Fearless Golf: Conquering the Mental Game
by Dr. Gio Valiante
Summary: Fearless Golf provides a detailed plan for overcoming the fear and anxiety that disrupts both physical technique and mental focus in golfers, drawing on insights from sports psychology and interviews with top players to offer practical strategies for cultivating presence, commitment, and mastery on the course. The book examines different manifestations of fear across playing situations and skill levels and gives golfers tools to transform fear into an asset rather than liability, helping them lower scores by learning to embrace uncertainty and remain fully engaged in executing each shot. With anecdotes and advice from Jack Nicklaus, Davis Love III and other champions, Fearless Golf aims to free golfers from paralyzing emotions so they can realize their potential.
Zen Golf: Mastering the Mental Game
by Dr. Joseph Parent
Summary: Zen Golf teaches golfers how to prepare mentally, execute shots through mind-body connection, and respond positively to results using insights from Zen Buddhism and sports psychology. The book provides practical strategies to overcome mental obstacles, distractions, and self-sabotage on the course by cultivating clarity, commitment, composure, presence, and equanimity. With techniques for both skills and perspective, Zen Golf aims to help golfers lower scores while increasing enjoyment of the game.
Golf Is a Game of Confidence
by Dr. Bob Rotella and Bob Cullen
Summary: If you want to elevate your mental game, “Golf Is a Game of Confidence” is your go-to audiobook. Authored by sports psychologists Dr. Bob Rotella and Bob Cullen, this listen offers a concise guide to building and sustaining confidence on the golf course. It blends psychological insights with real-world anecdotes to deliver actionable advice. The audiobook targets your golf performance and aims to bolster your mental resilience. In a nutshell, it’s a guide for mastering your golf and mindset.

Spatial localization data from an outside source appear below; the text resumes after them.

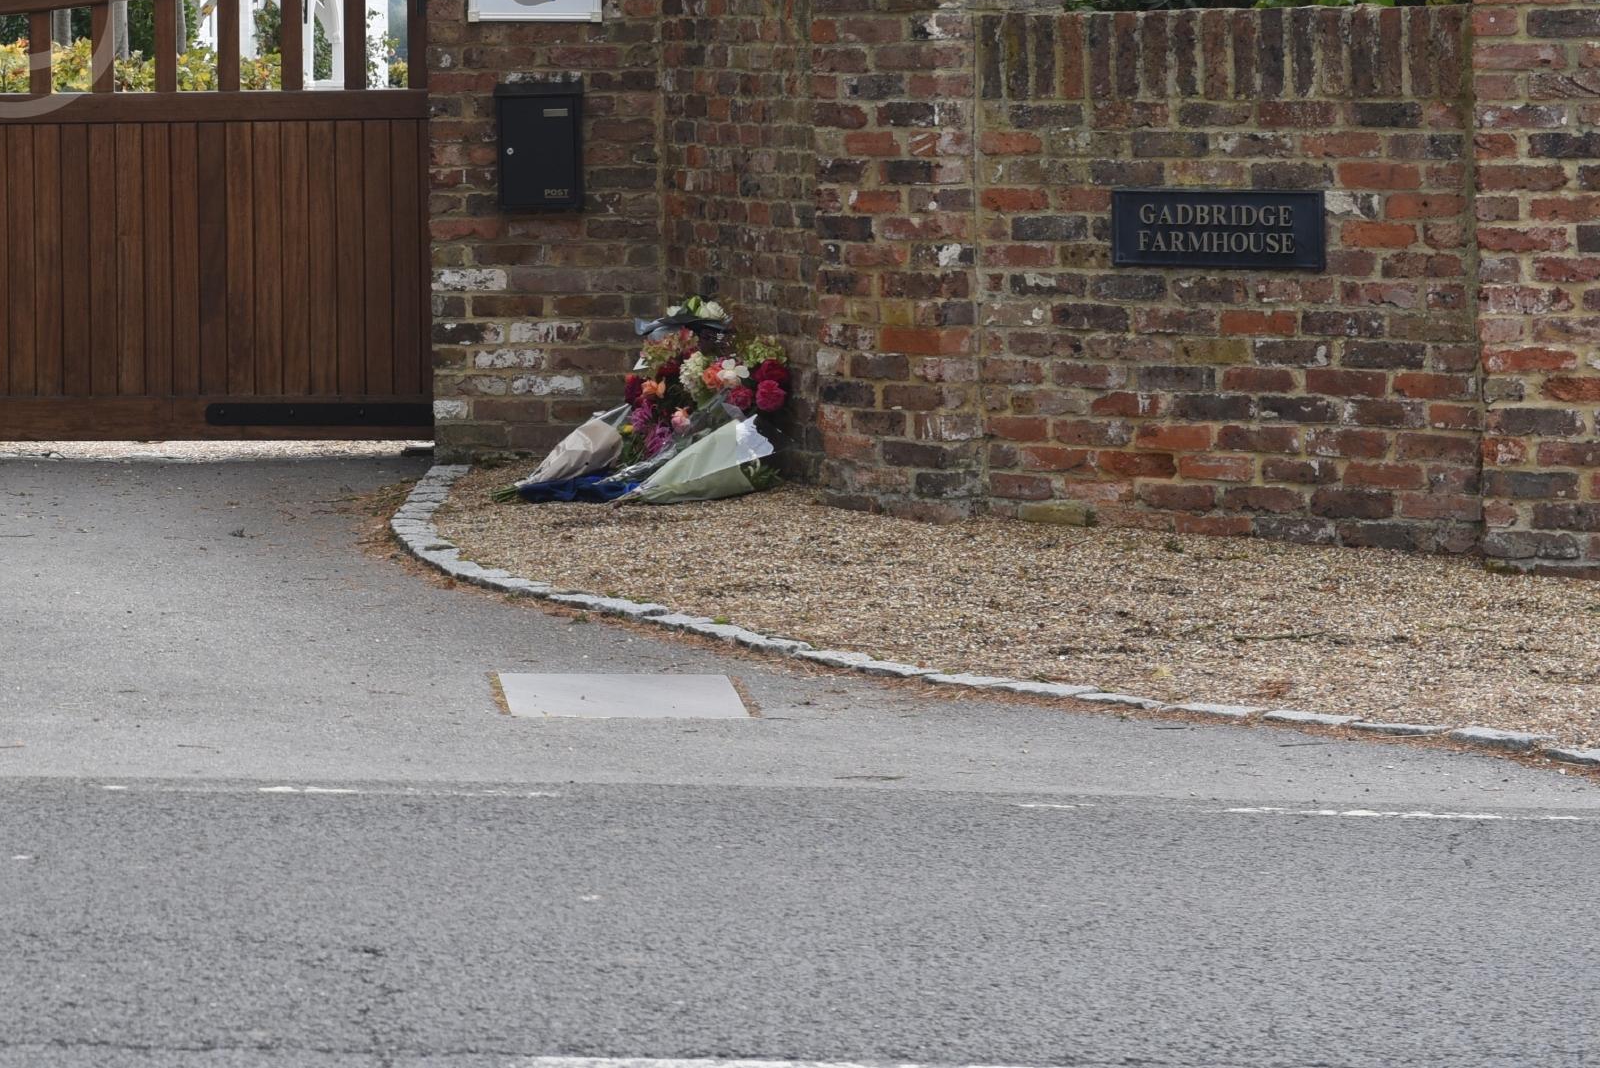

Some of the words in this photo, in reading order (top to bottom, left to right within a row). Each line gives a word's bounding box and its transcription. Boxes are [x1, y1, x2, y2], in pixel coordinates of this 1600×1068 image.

[544, 188, 569, 196] POST
[1139, 203, 1293, 227] GADBRIDGE
[1138, 230, 1296, 254] FARMHOUSE
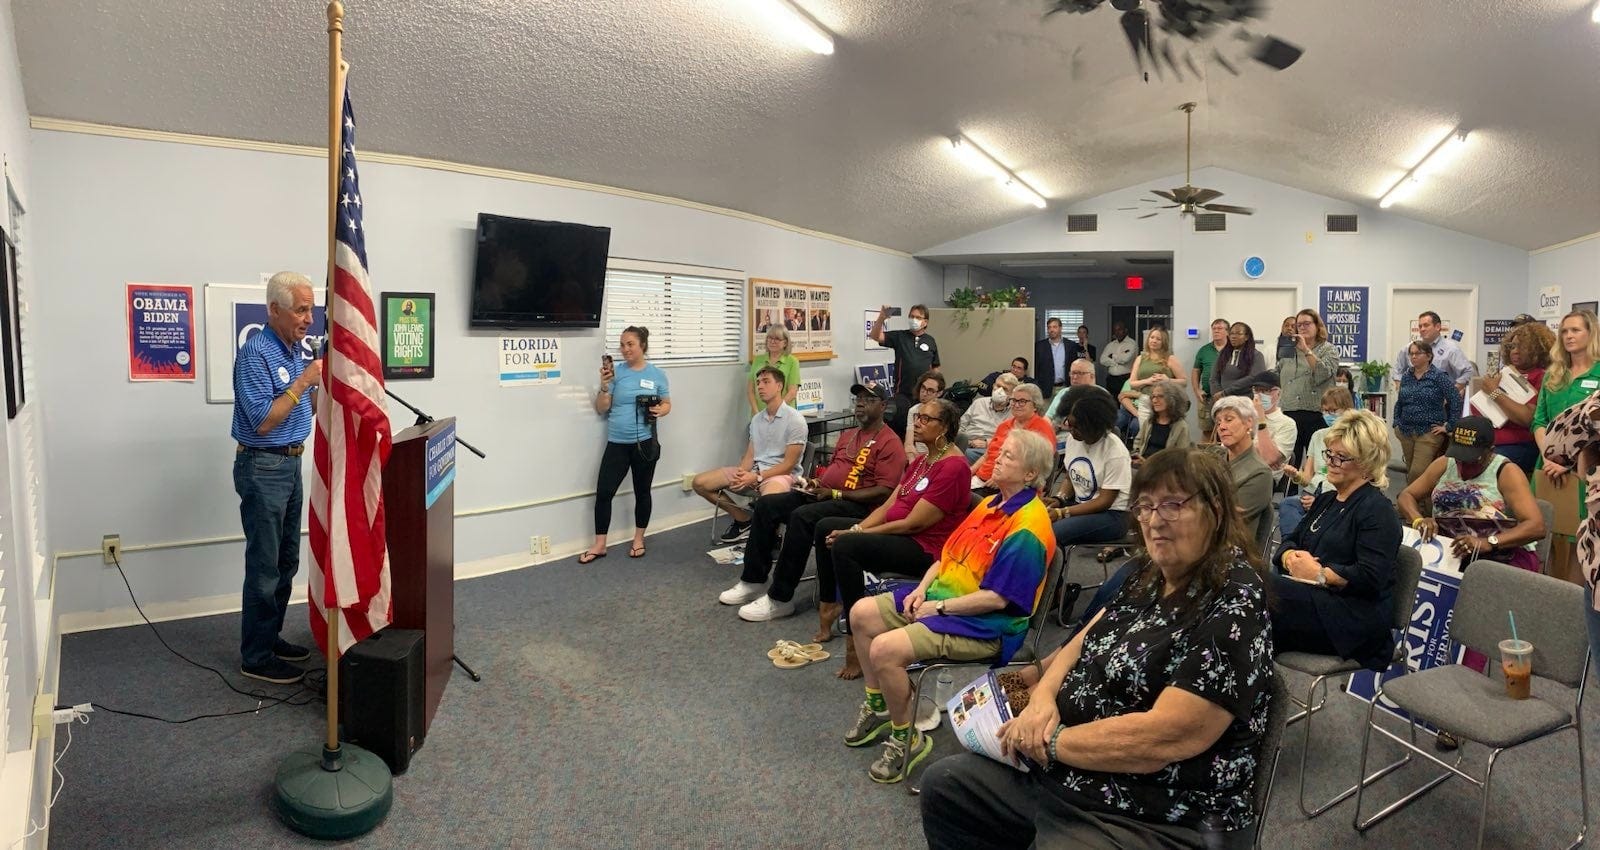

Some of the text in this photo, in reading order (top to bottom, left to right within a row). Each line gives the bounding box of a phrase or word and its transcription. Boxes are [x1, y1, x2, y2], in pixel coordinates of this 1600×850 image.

[755, 286, 780, 298] WANTED
[784, 288, 806, 300] WANTED
[810, 290, 830, 302] WANTED
[1328, 290, 1361, 302] IT ALWAYS
[134, 298, 188, 311] OBAMA
[1327, 302, 1361, 312] SEEMS
[1540, 294, 1560, 308] CRIST
[143, 312, 179, 324] BIDEN
[1327, 314, 1360, 324] IMPOSSIBLE
[393, 324, 424, 332] JOHN LEWIS
[1327, 324, 1360, 334] UNTIL
[393, 332, 424, 346] VOTING
[503, 339, 558, 350] FLORIDA
[1332, 334, 1354, 344] IT IS
[394, 345, 423, 358] RIGHTS
[1334, 345, 1361, 358] ONE.
[505, 352, 557, 365] FOR ALL
[862, 376, 890, 391] CST
[798, 390, 821, 400] FOR ALL
[1455, 427, 1477, 437] ARMY
[429, 438, 446, 461] CHARLIE
[429, 446, 455, 480] FOR GOVERNOR
[1071, 468, 1090, 488] CRIST
[1434, 608, 1454, 668] VERNOR
[1428, 637, 1438, 658] FOR

Summary: Step off the driving range and onto the green with confidence. Jayne Storey’s “Connected Golf” is the missing link between your practice sessions and actual performance on the course. This audiobook explores the nuances of “being in the zone,” a mental state where your swing feels effortless and your putts seem guided by intuition.

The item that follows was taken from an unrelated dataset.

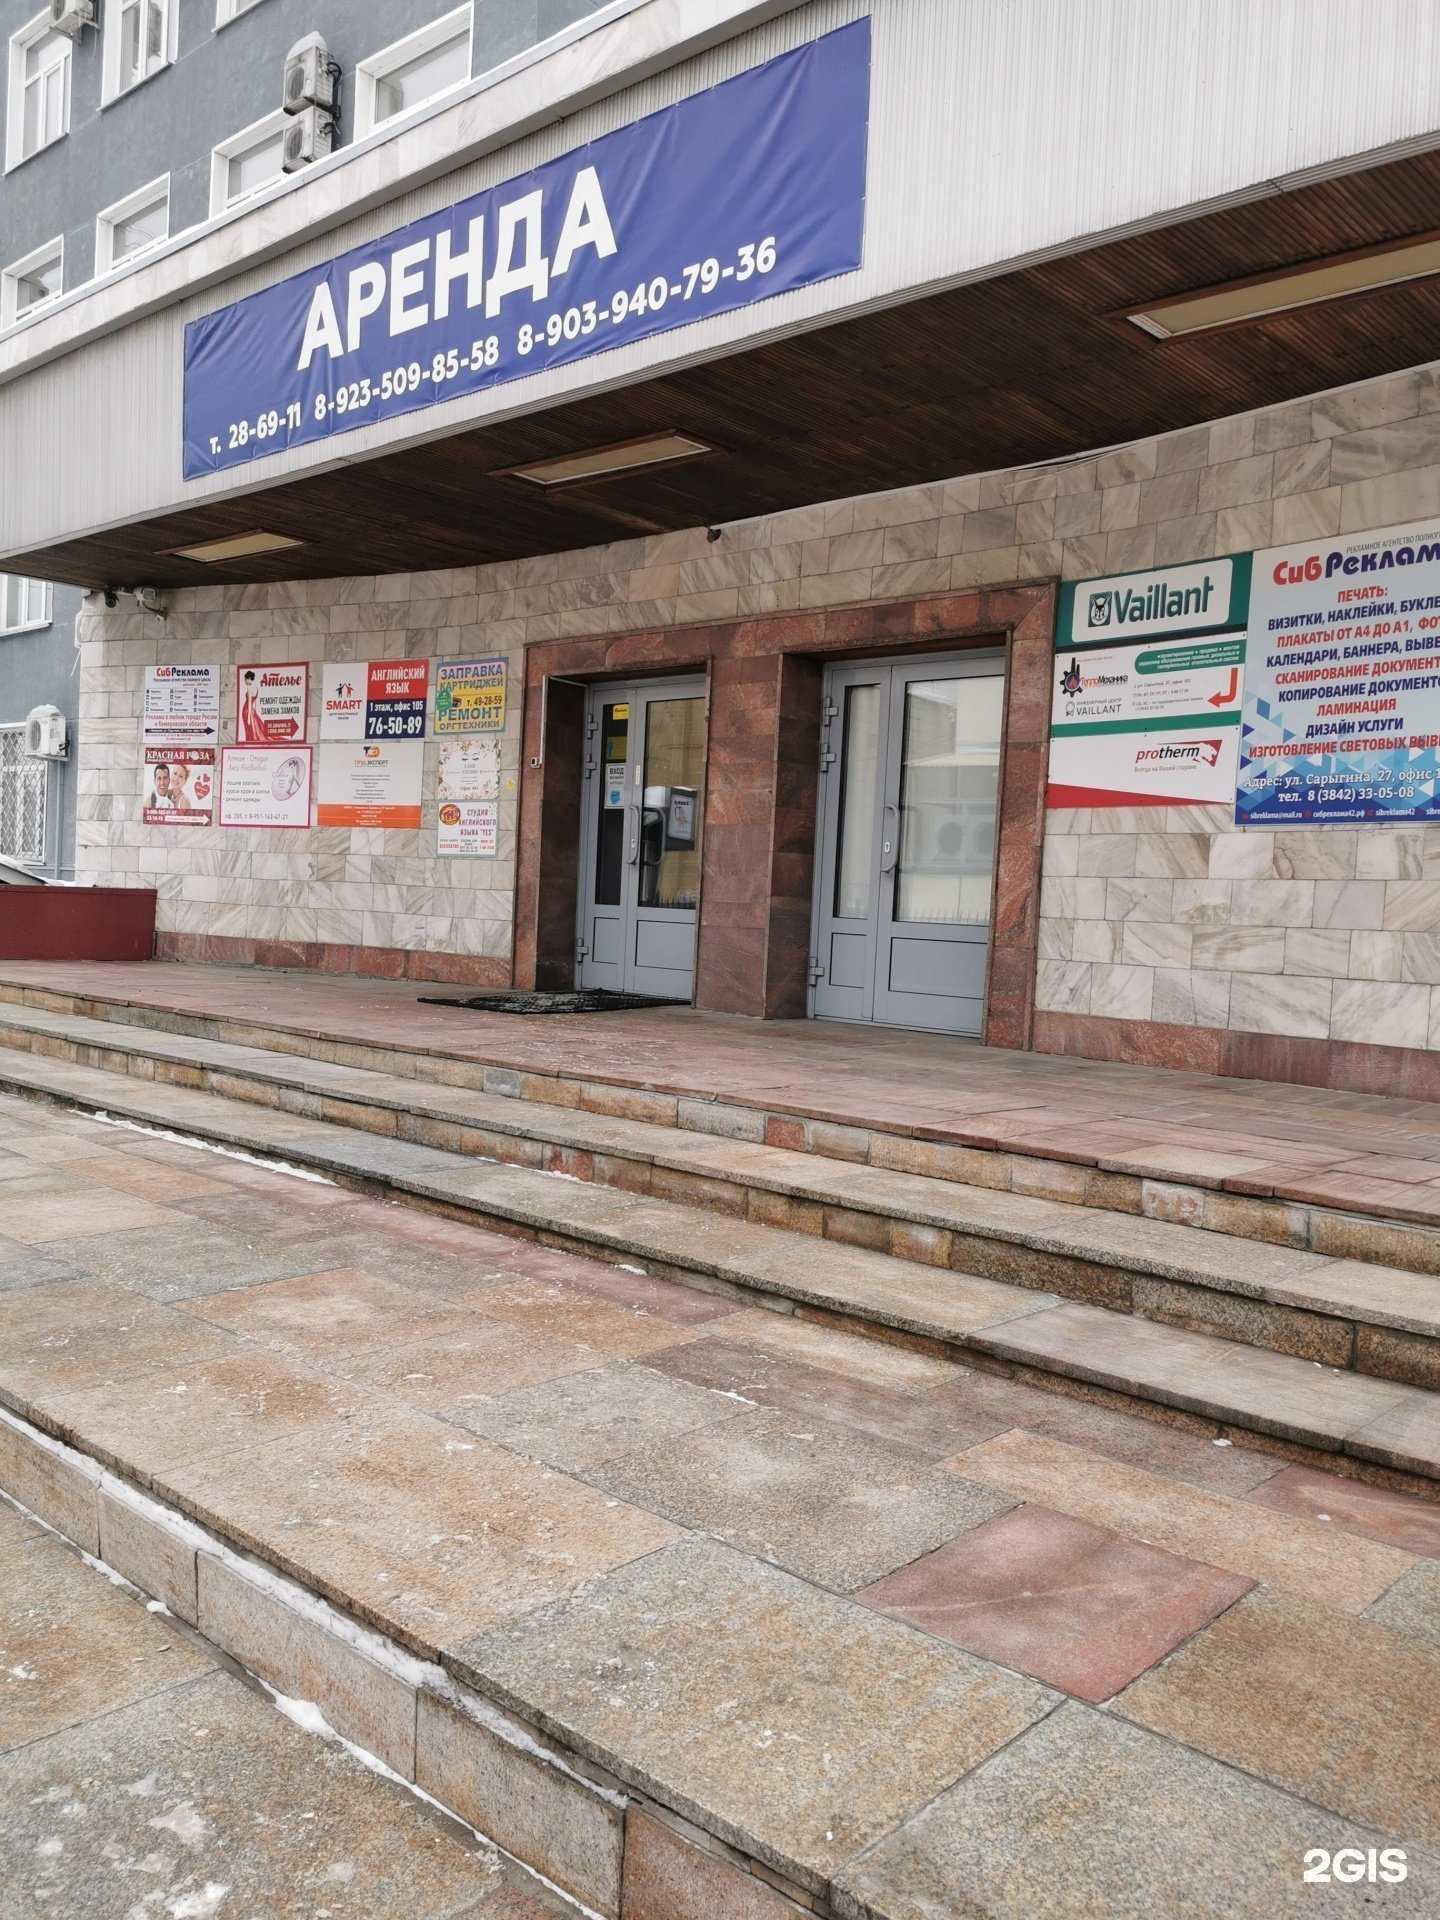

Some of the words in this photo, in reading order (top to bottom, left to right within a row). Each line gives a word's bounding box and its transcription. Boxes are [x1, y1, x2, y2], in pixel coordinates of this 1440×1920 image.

Storey delves into mindfulness techniques and breath control, giving you the tools to maintain peak performance under pressure. This audiobook is particularly beneficial for golfers who find that their excellent practice range skills don’t translate to lower scores on the course. With a blend of ancient wisdom and modern psychology, “Connected Golf” will help you achieve a state of flow, making the transition from practice to performance seamless.
The Inner Game of Golf
by W. Timothy Gallwey
Summary: The Inner Game of Golf applies Gallwey’s “inner game” principles of mental coaching to golf, providing strategies to overcome nerves, build confidence, and achieve optimal performance. Gallwey advocates clearing the mind of technical thoughts, focusing energy on the target, and trusting instincts to play freely without self-judgment. With simple yet profound advice on visualization, concentration, and overcoming interference from the conscious mind, Gallwey believes any golfer can access their best golf by getting out of their way. The Inner Game of Golf keeps instruction uncomplicated, emphasizing feel over mechanics and liberating one’s true potential by quieting the ego and negative self-talk. This classic book on the mental side of golf has helped countless players overcome anxiety, play instinctively, and enjoy the game to its fullest.